So far, both the presence of the tone contrast in a dialect and its neutralization in certain
contexts has appeared categorical (cf. also Peters 2006, 2007a,b, 2008, Gussenhoven & Peters
2005). Nevertheless, if phonological features are subject to erosion, it is to be expected that
variable realizations should occur, either within speakers or across speakers from the same
speech community, reflecting a stage in which the contrast is on its way out.
1.4 Aims of the investigation
The goal of our investigation was to see to what extent the dialect of Roermond maintains it
contrast in each of the contexts specified in section 1.2 above. The perception experiment of
Fournier et al. (2006) was restricted to stimuli with declarative intonation. In these data, the
contrast appeared to be robustly present in accented syllables (both IP-final and IP-medial)

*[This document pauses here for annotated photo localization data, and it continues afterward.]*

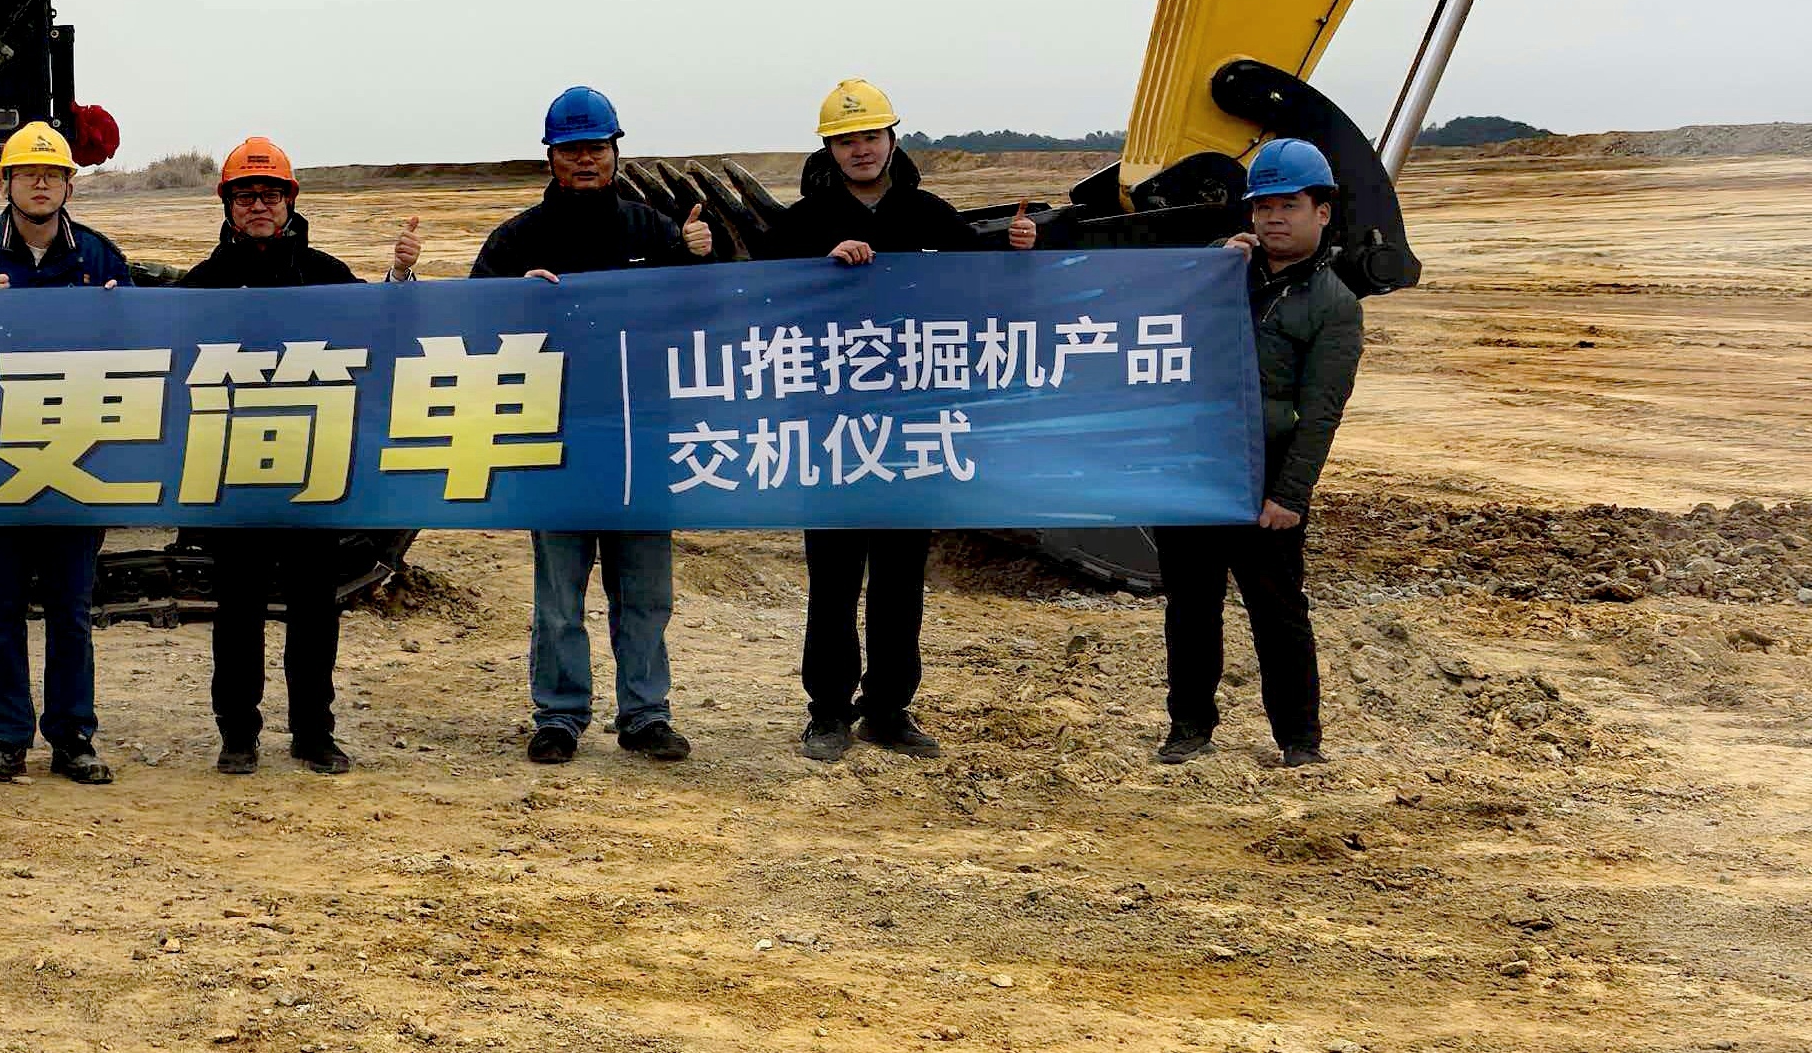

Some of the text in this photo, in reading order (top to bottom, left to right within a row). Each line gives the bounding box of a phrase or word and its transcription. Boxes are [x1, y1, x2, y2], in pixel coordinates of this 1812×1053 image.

[666, 314, 1192, 402] 山推挖掘机产品
[667, 410, 976, 494] 交机仪式
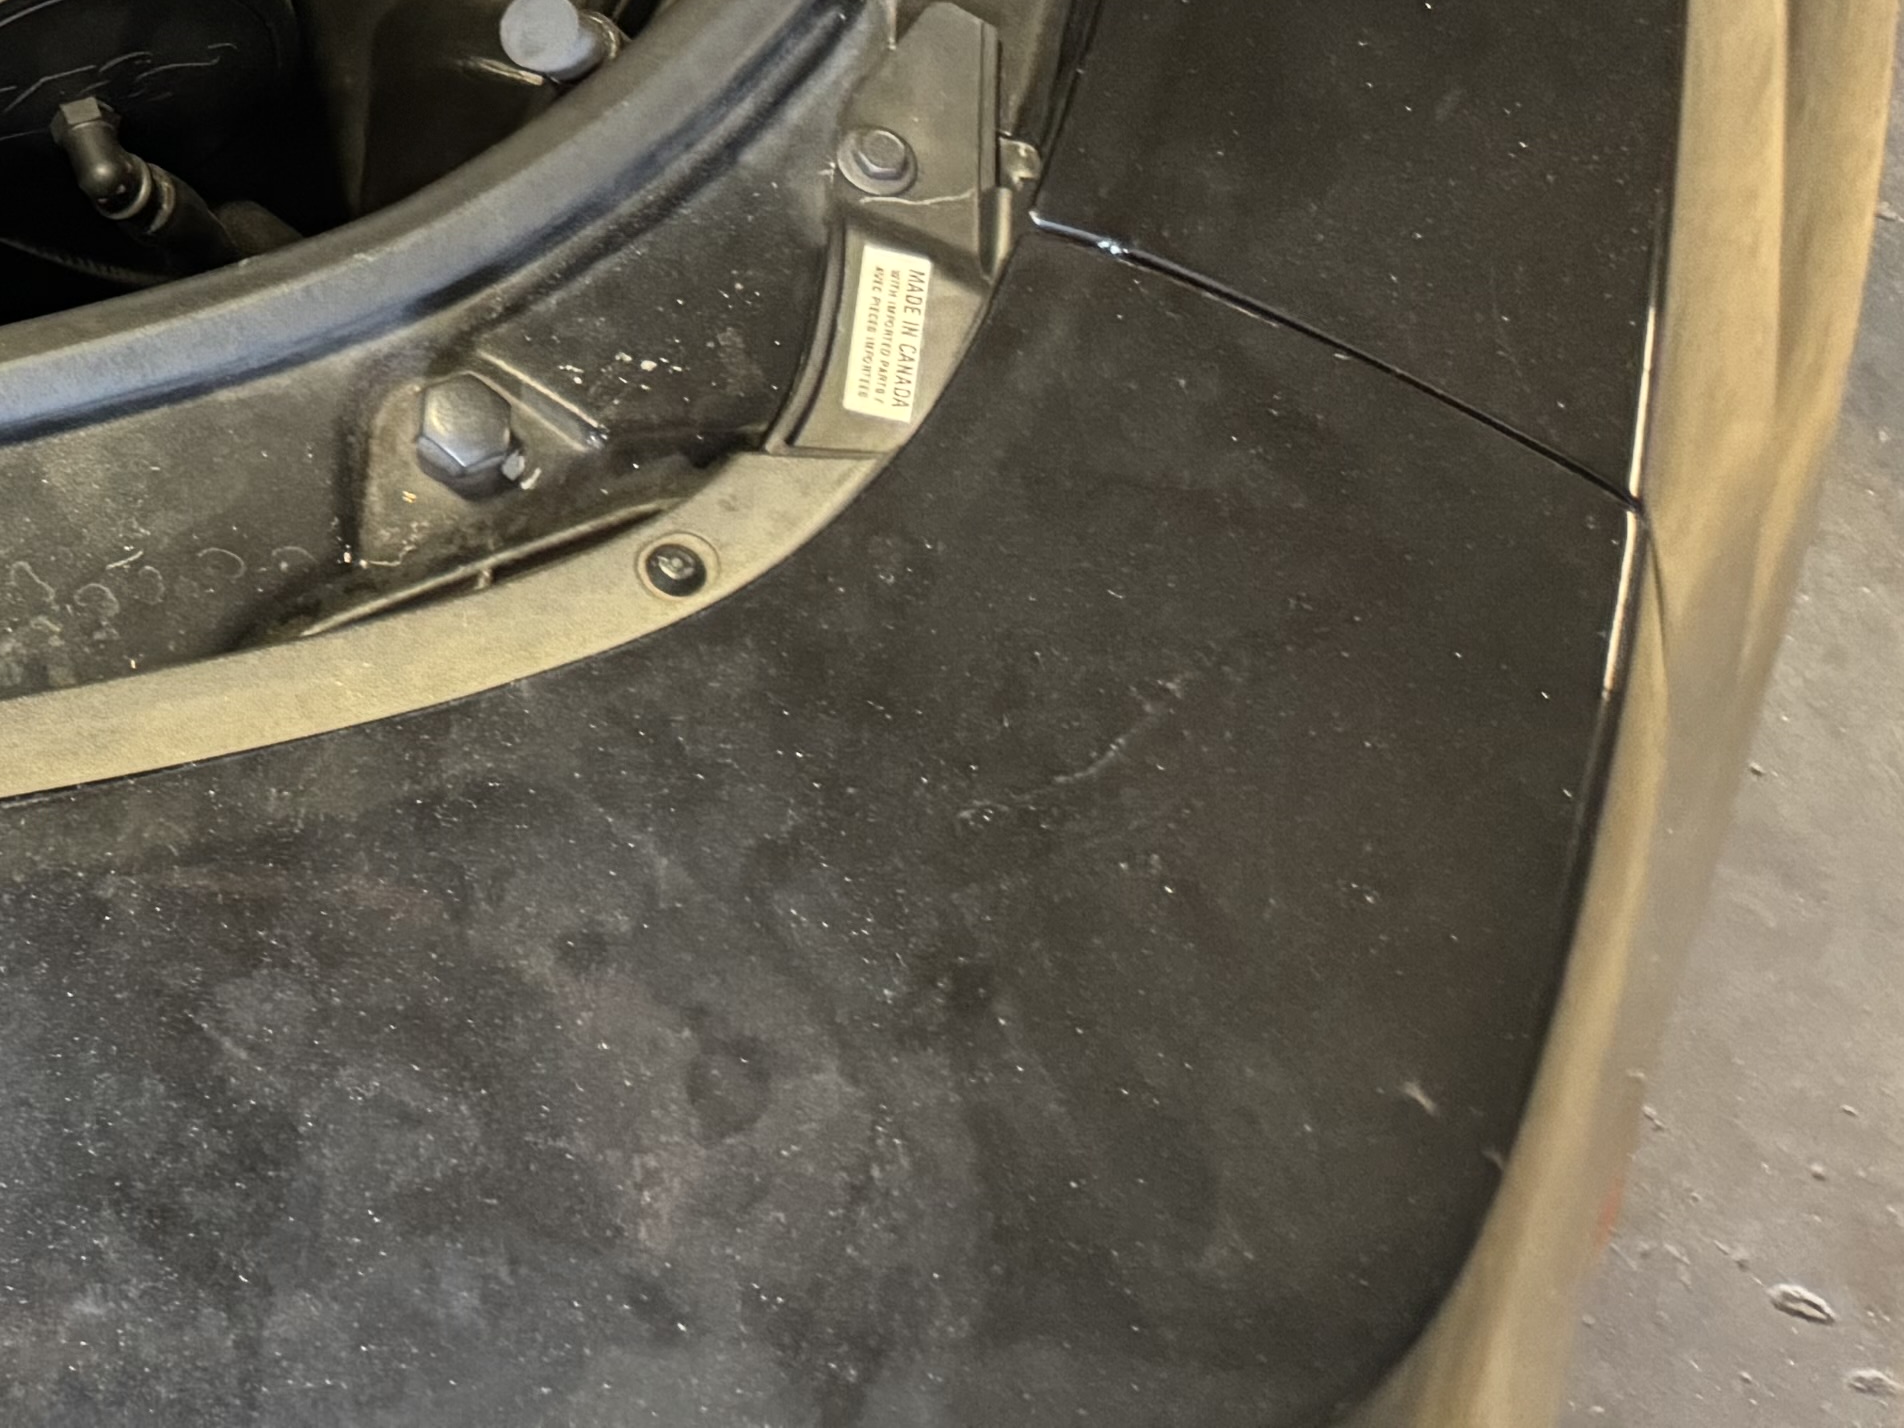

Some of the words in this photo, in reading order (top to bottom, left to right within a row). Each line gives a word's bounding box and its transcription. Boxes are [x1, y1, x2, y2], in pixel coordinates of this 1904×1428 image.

[887, 269, 901, 297] WITH
[902, 268, 925, 315] MADE
[878, 300, 896, 357] IMPORTED
[900, 319, 919, 338] IN
[890, 342, 916, 409] CANADA

and IP-final unaccented syllables, while being effectively neutralized in IP internal
unaccented syllables, both before and after the focal pitch accent. However, we have no
information on the extent to which the contrast is maintained in interrogative intonation
contours. To this end, we ran a forced-choice identification experiment with auditory stimuli
produced by two speakers which included both interrogative and declarative contours. The
structure of the materials as well as the stimuli for the declarative intonation were identical to
those in Fournier et al. (2006), but a different group of listeners participated in the experiment.
Our experiment revealed that the tone contrast in IP-medial nuclear syllables in interrogative
intonation contours (cf. (5a,b)) was poorly discriminated. In this context, the contrast amounts
to a timing difference of a pitch rise. Separating the scores out on the basis of the speaker of
6
-7the stimuli further revealed that the poor scores were obtained for the stimuli produced by one
of our two speakers. Since this suggested that in this context, the contrast was variably lost or
that its salience was gradually reduced, we decided to collect data for the contrast in this
position from a group of 17 speakers below the age of 26. The results confirmed a picture of
variable tone loss, whereby the low pitch of the accented syllable with Accent 2 (cf. (5a)) is
not clearly distinct from the rising pitch movement in equivalent syllables with Acccent 1 (cf.
6b)), because some speakers begin the pitch rise for Accent 2, which in the conservative
speakers occurs after the accented syllable, inside the end of the accented syllable.
An unexpected result was a significant recognition score for the stimuli produced by one of
the two speakers in pre-nuclear position in declarative intonation contours. Fournier et al.
(2006) found no effect of lexical tone category for the same stimuli in this context. Since the
judges in the experiment reported here were older than those reported in the earlier
experiment, we reran part of the identification experiment with a group of younger subjects.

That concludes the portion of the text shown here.